:: Problem to work on ::
An exact copy of the records below is needed, with every picture left out.
Start of Extracted information
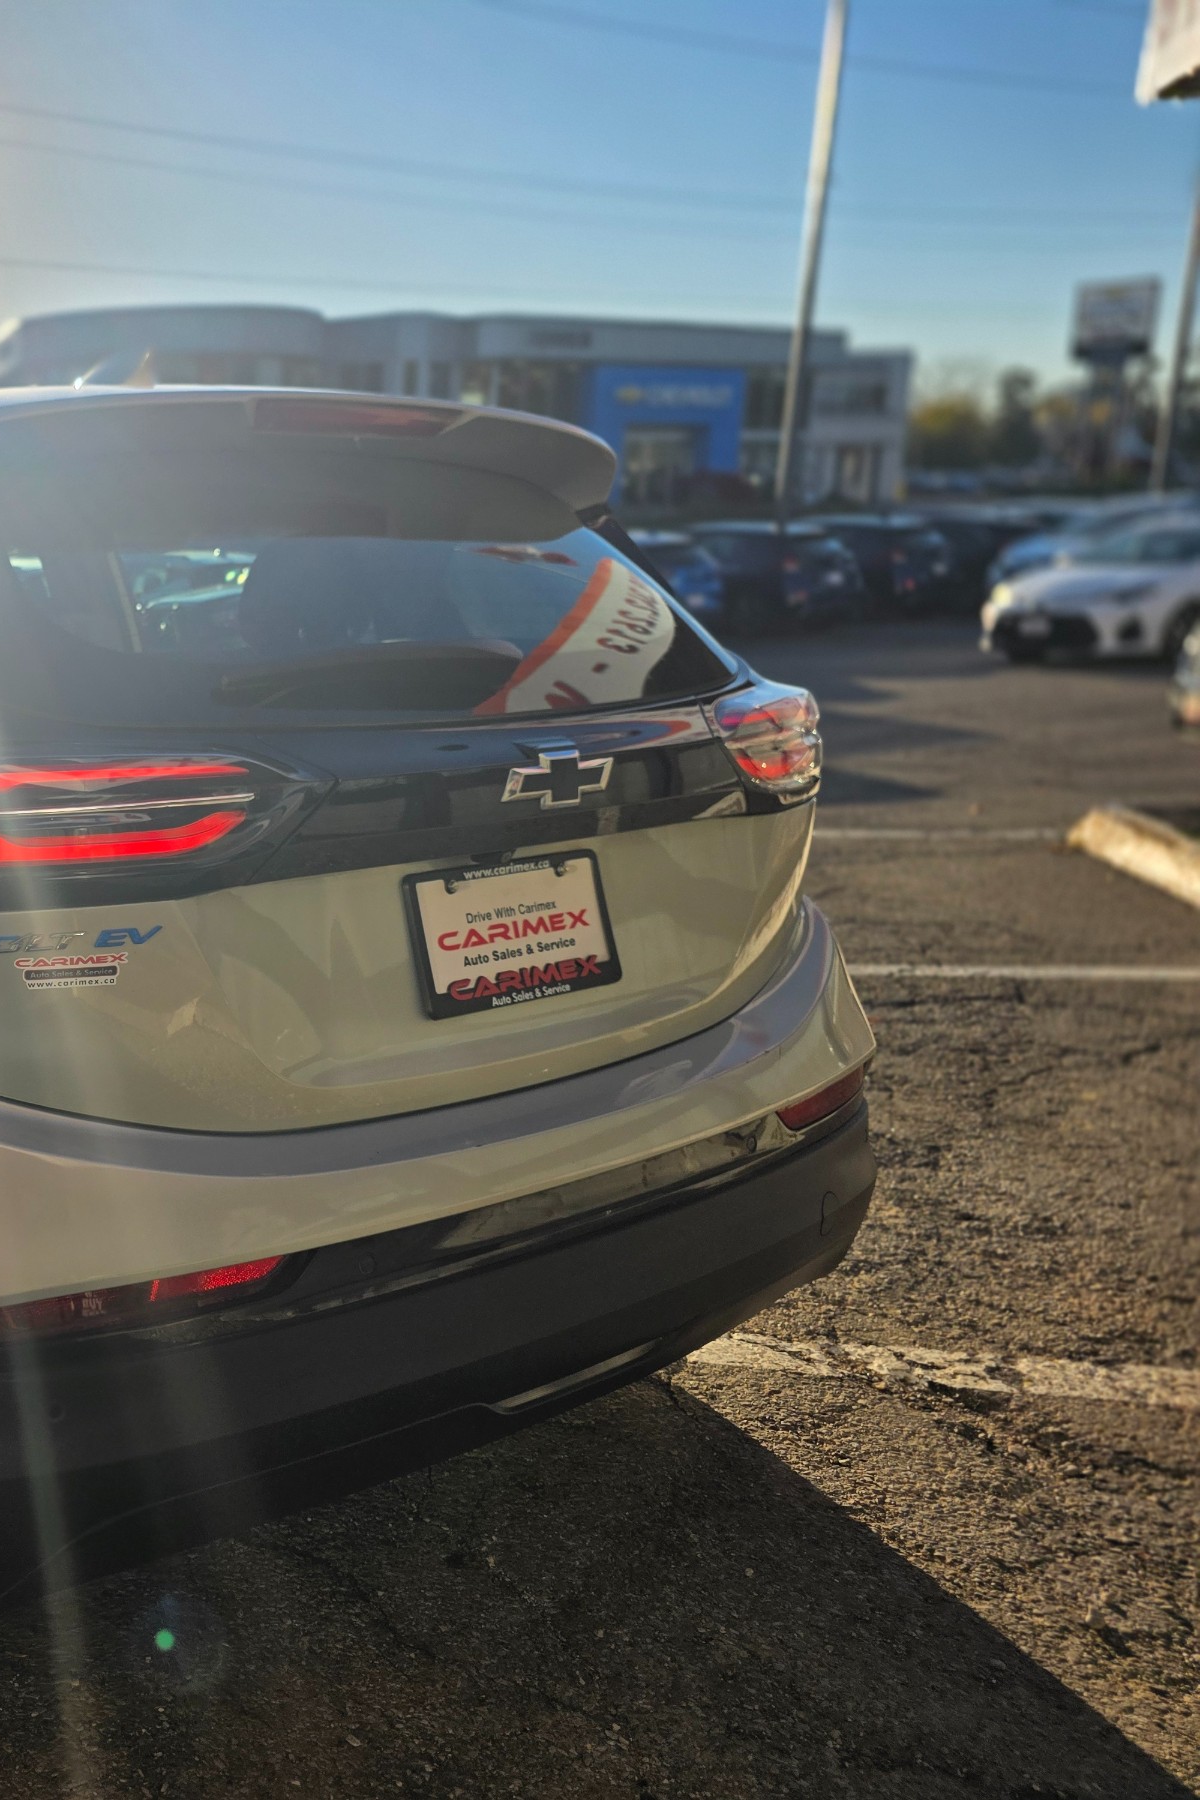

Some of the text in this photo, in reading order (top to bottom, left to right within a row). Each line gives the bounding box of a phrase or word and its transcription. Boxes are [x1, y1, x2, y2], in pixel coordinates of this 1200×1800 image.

[464, 861, 549, 878] www.carimex.ca
[466, 900, 557, 924] Drive With Carimex
[94, 925, 163, 948] EV
[437, 909, 589, 951] CARIMEX
[15, 953, 127, 968] CARIMEX
[464, 937, 576, 967] Auto Sales & Service
[27, 978, 115, 988] www.carimex.ca
[30, 967, 113, 979] Auto Sales & Service
[448, 956, 600, 1000] CARIMEX
[492, 983, 571, 1007] Auto Sales & Service
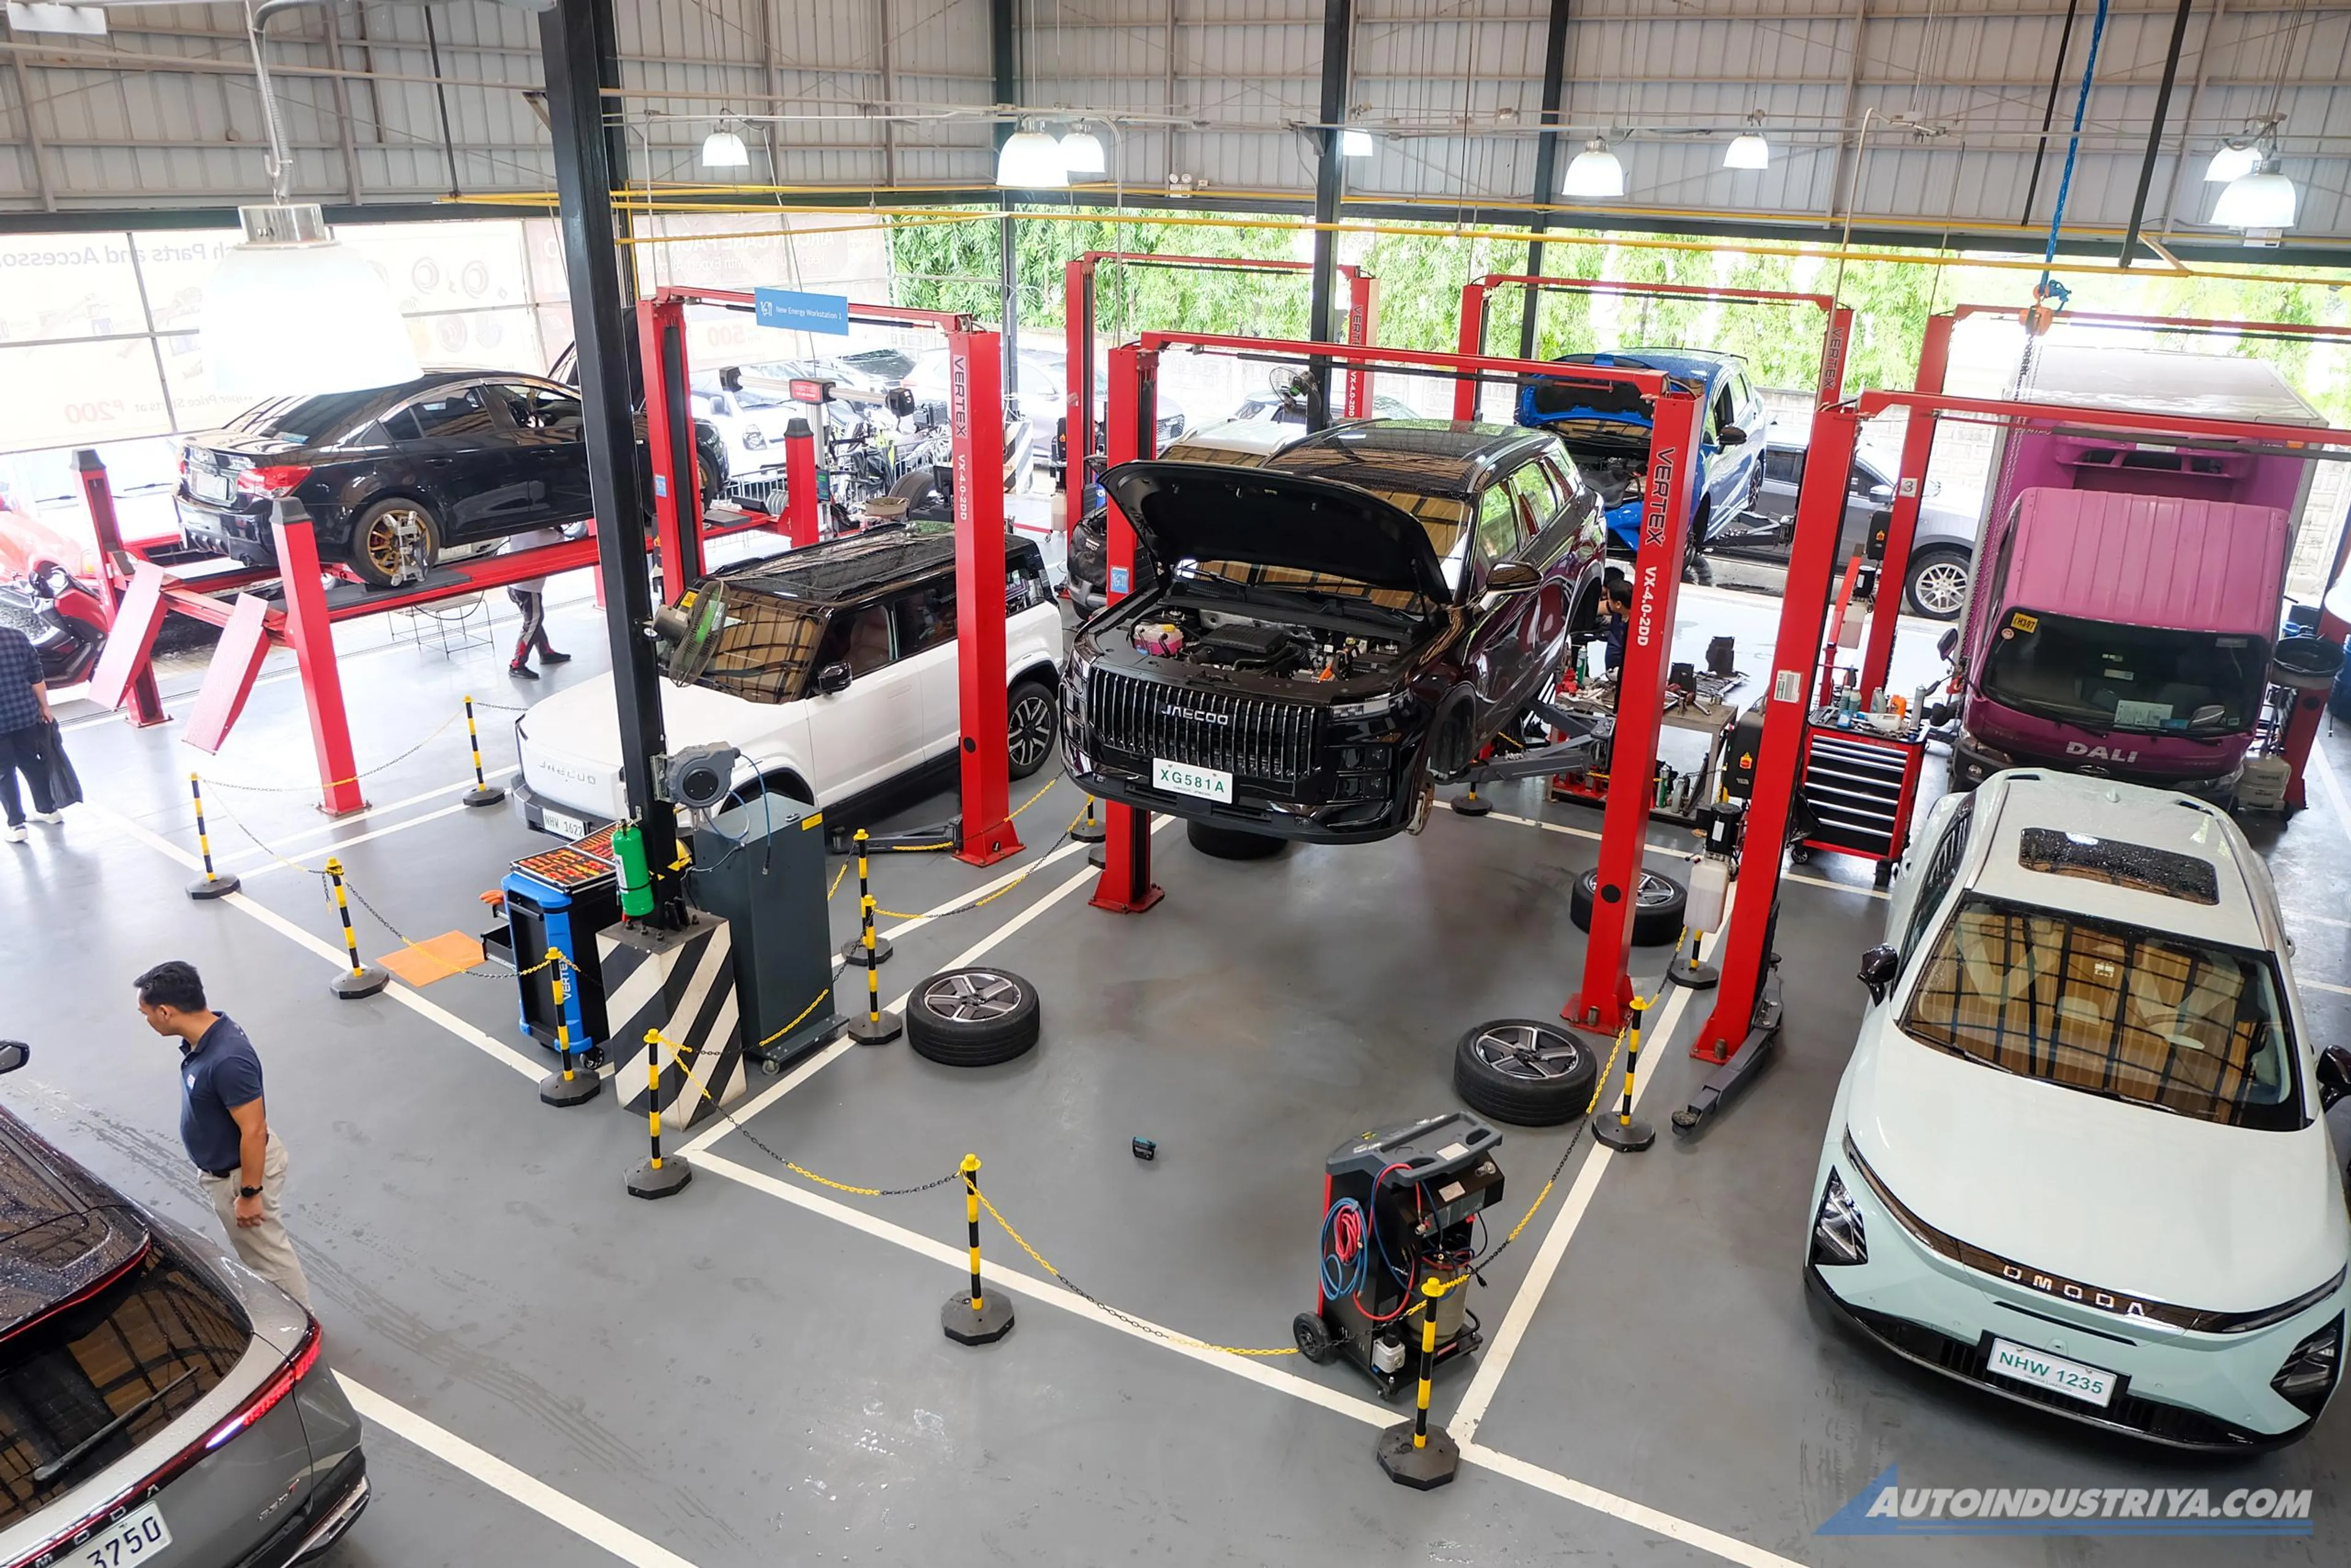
End of Extracted information
:: Response for this exercise ::
Some of the text in this photo, in reading order (top to bottom, left to right within a row). Each line gives the bounding box of a phrase or word and its transcription. Boxes are [x1, y1, x2, y2], in pixel coordinates of this 1200×1800 image.

[464, 861, 549, 878] www.carimex.ca
[466, 900, 557, 924] Drive With Carimex
[94, 925, 163, 948] EV
[437, 909, 589, 951] CARIMEX
[15, 953, 127, 968] CARIMEX
[464, 937, 576, 967] Auto Sales & Service
[27, 978, 115, 988] www.carimex.ca
[30, 967, 113, 979] Auto Sales & Service
[448, 956, 600, 1000] CARIMEX
[492, 983, 571, 1007] Auto Sales & Service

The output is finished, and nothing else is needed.